Opened by the South Eastern Railway on 1 September 1866, the original station building was designed by Sir John Hawkshaw and J. W. Barry and was characterised by its two Wren-style towers, 23 ft (7.0 m) square and 135 ft (41 m) high, which faced on to the River Thames. The towers supported a 700 ft (210 m) long iron train shed crowned by a high single arch, almost semicircular, of glass and iron. To this was joined in 1867 an Italianate style hotel and forecourt designed by E. M. Barry which provided much of the station’s passenger facilities as well as an impressive architectural frontispiece to the street. This arrangement was very similar to that put in place at Charing Cross. The station is carried over Upper Thames Street on a 700 ft (210 m) long brick viaduct containing 27 million bricks. Below this viaduct there are remains of a number of Roman buildings, which form a scheduled ancient monument. Barry’s five-storey City Terminus Hotel underwent two changes of name: first to Cannon Street Hotel in 1879, and later, as an office block, to Southern House.

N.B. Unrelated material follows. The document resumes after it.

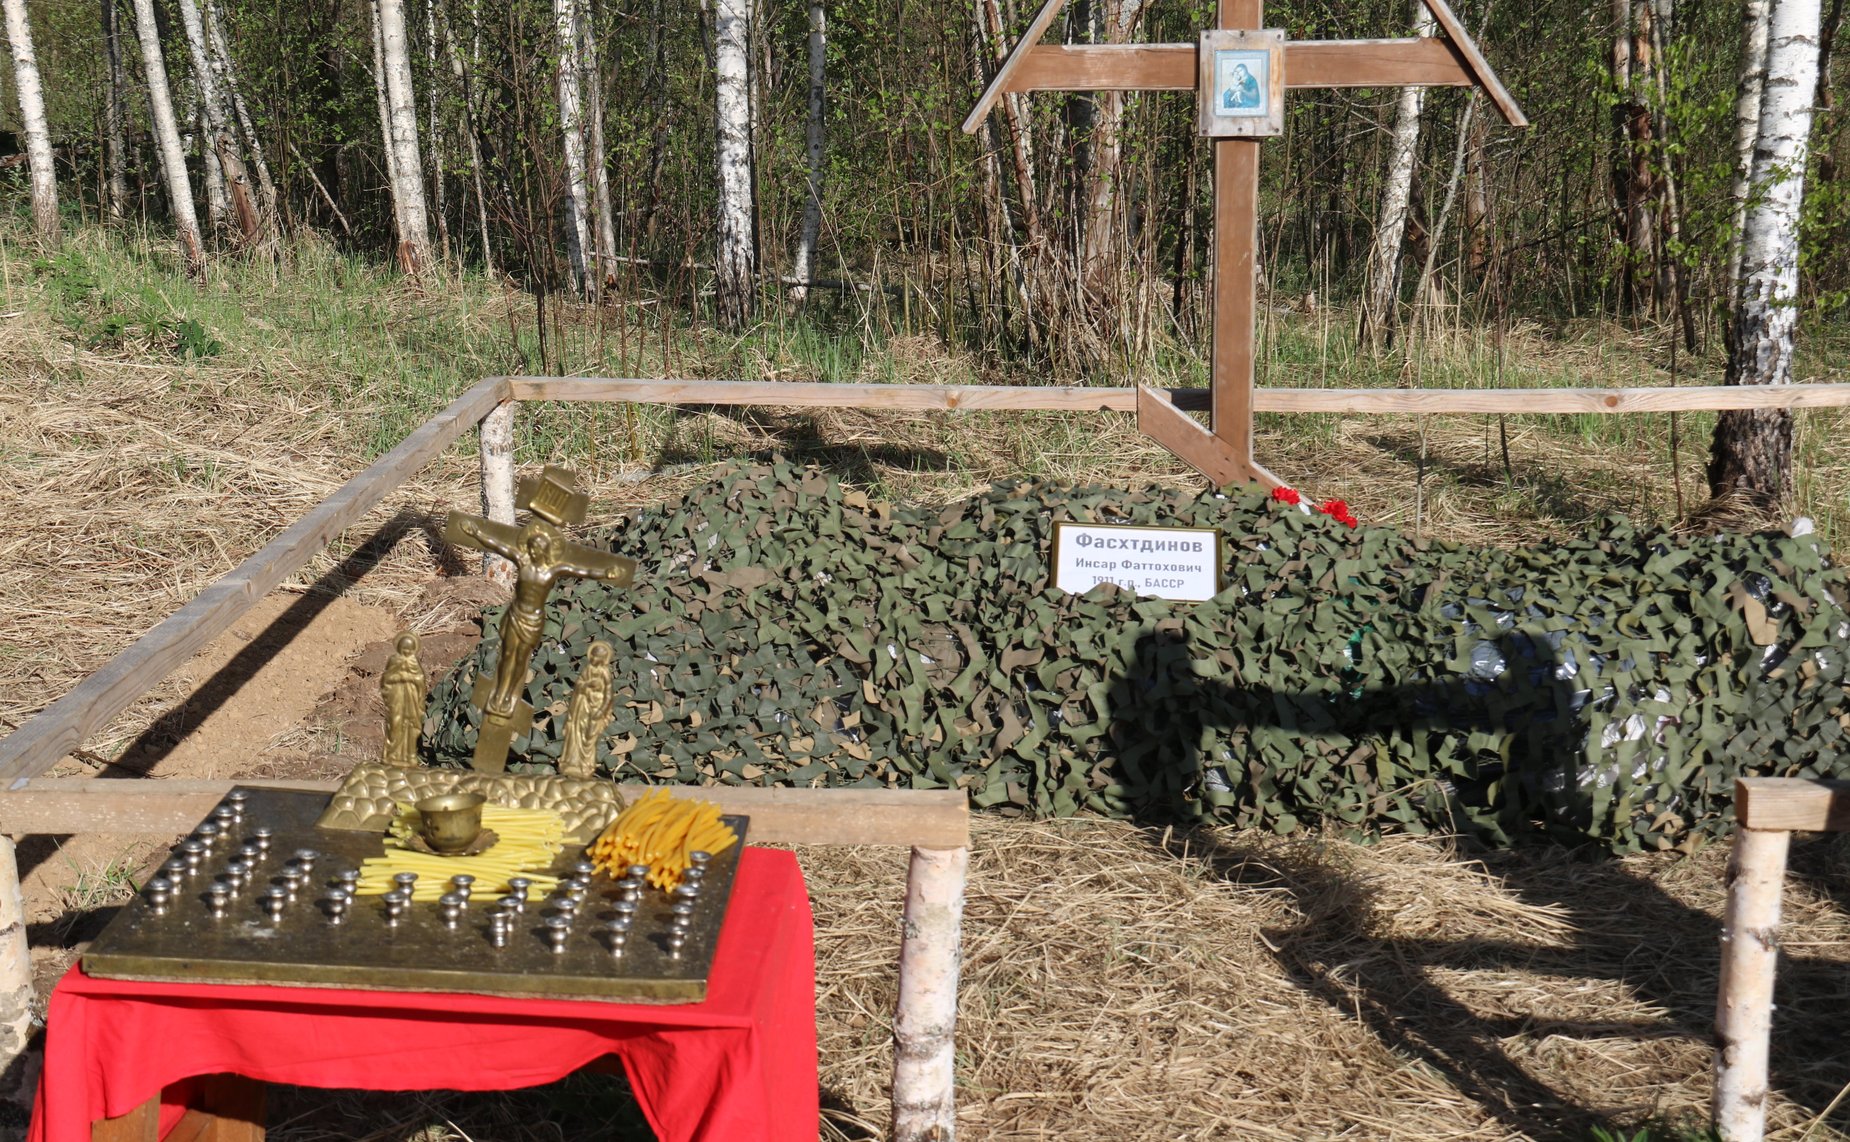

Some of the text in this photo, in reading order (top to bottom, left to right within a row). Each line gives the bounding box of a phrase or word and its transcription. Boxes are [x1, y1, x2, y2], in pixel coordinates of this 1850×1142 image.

[1075, 532, 1203, 553] Фасхтдинов
[1075, 557, 1202, 574] Инсар Фаттохович
[1145, 577, 1185, 589] БАССР

From 5–28 June 1926 the station was closed to allow the Southern Railway to carry out various works, including the rebuilding of the platforms, relaying of the tracks and installation of a new system of electrical signalling – the four-aspect colour light scheme. The station was also renovated and the glass roof cleaned. The number of platforms was reduced from nine to eight, with five set aside for the new electric trains. The signal box spanning the width of the railway bridge was removed.

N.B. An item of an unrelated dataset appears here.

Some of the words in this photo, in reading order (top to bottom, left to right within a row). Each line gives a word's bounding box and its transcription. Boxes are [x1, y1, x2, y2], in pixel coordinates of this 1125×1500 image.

The station, which had been subject to structural neglect prior to the Second World War, suffered extensive bomb damage and was hit by several incendiary devices which damaged the roof. A high explosive also hit platform 8. The original glass roof had been removed before the war in an attempt to save it; the factory in which the roof was stored was itself badly bombed, destroying the roof.
The station’s prime location coupled with the property boom of the 1950s and the need for British Rail to seek alternative revenue streams made war-damaged Cannon Street a prime target for property developers.

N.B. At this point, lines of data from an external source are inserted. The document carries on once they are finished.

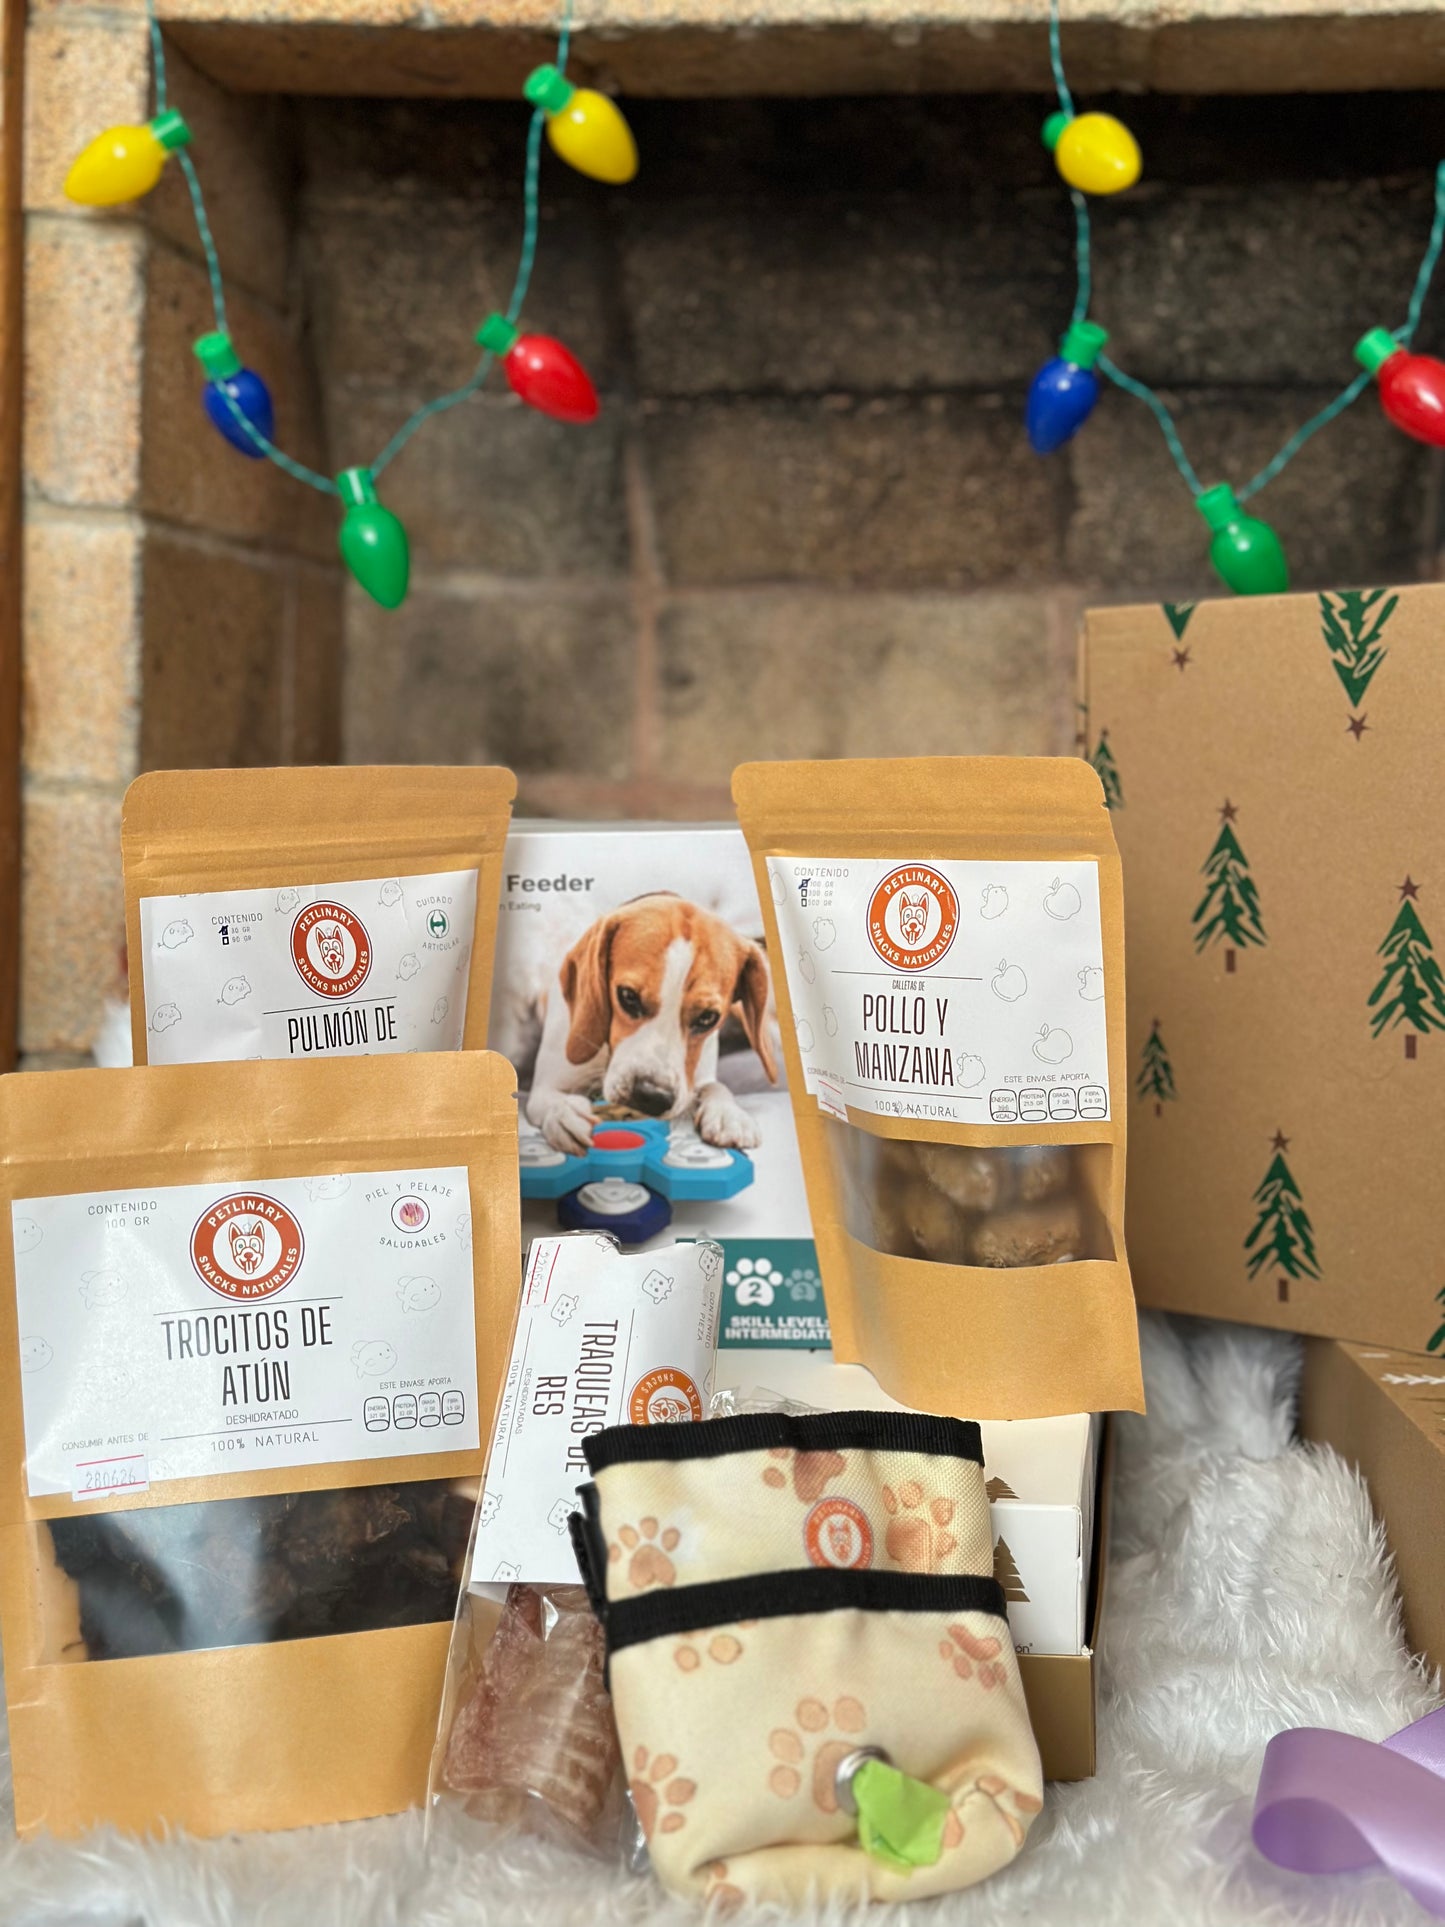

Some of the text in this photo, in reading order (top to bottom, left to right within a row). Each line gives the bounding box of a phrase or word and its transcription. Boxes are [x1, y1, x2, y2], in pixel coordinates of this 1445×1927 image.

[506, 874, 595, 892] Feeder
[794, 867, 849, 877] CONTENIDO
[884, 871, 946, 895] PETLINARY
[415, 896, 453, 908] CUIDADO
[508, 901, 542, 912] Eating
[211, 912, 263, 925] CONTENIDO
[299, 907, 354, 931] PETLINARY
[422, 938, 461, 951] ARTICULAR
[872, 921, 953, 965] SNACKS NATURALES
[298, 950, 368, 992] SNACKS NATURALES
[863, 994, 948, 1036] POLLO Y
[288, 1006, 398, 1053] PULMÓN DE
[854, 1041, 954, 1087] MANZANA
[1004, 1073, 1090, 1083] ESTE ENVASE APORTA
[906, 1103, 958, 1118] NATURAL
[365, 1182, 453, 1202] PIEL Y PELAJE
[88, 1201, 157, 1216] CONTENIDO
[208, 1199, 284, 1228] PETLINARY
[105, 1216, 150, 1230] 100 GR
[379, 1233, 446, 1249] SALUDABLES
[199, 1247, 298, 1295] SNACKS NATURALES
[748, 1282, 762, 1298] 2
[696, 1312, 706, 1341] PIEZA
[704, 1291, 716, 1350] CONTENIDO
[731, 1316, 774, 1328] SKILL
[161, 1306, 333, 1360] TROCITOS DE
[222, 1357, 291, 1406] ATÚN
[380, 1377, 452, 1389] ESTE ENVASE APORTA
[570, 1319, 619, 1434] TRAQUEAS
[515, 1367, 533, 1435] DESHIDRATADAS
[532, 1376, 567, 1415] RES
[634, 1373, 675, 1425] SNACKS NATU
[226, 1410, 299, 1425] DESHIDRATADO
[495, 1395, 513, 1448] NATURAL
[62, 1432, 149, 1451] CONSUMIR ANTES DE
[211, 1431, 319, 1451] 100% NATURAL

Various plans were mooted for the reconstruction of the station, from the installation of a new ticket hall and concourse under Southern House in 1955 as part of British Rail’s Modernisation Plan, to the construction of a car park and even a helipad. In 1962 the British Transport Commission entered into an agreement with Town & Country Properties for the construction of a multi-storey office building above the station with 154,000 sq ft (14,300 m2) of floor space. The cost of the development was £2.35 million and it was scheduled for completion by June 1965.
In preparation for redevelopment the remains of the once magnificent train shed roof had been demolished in 1958, and Barry’s hotel (which had been used as offices since 1931) soon followed in 1960.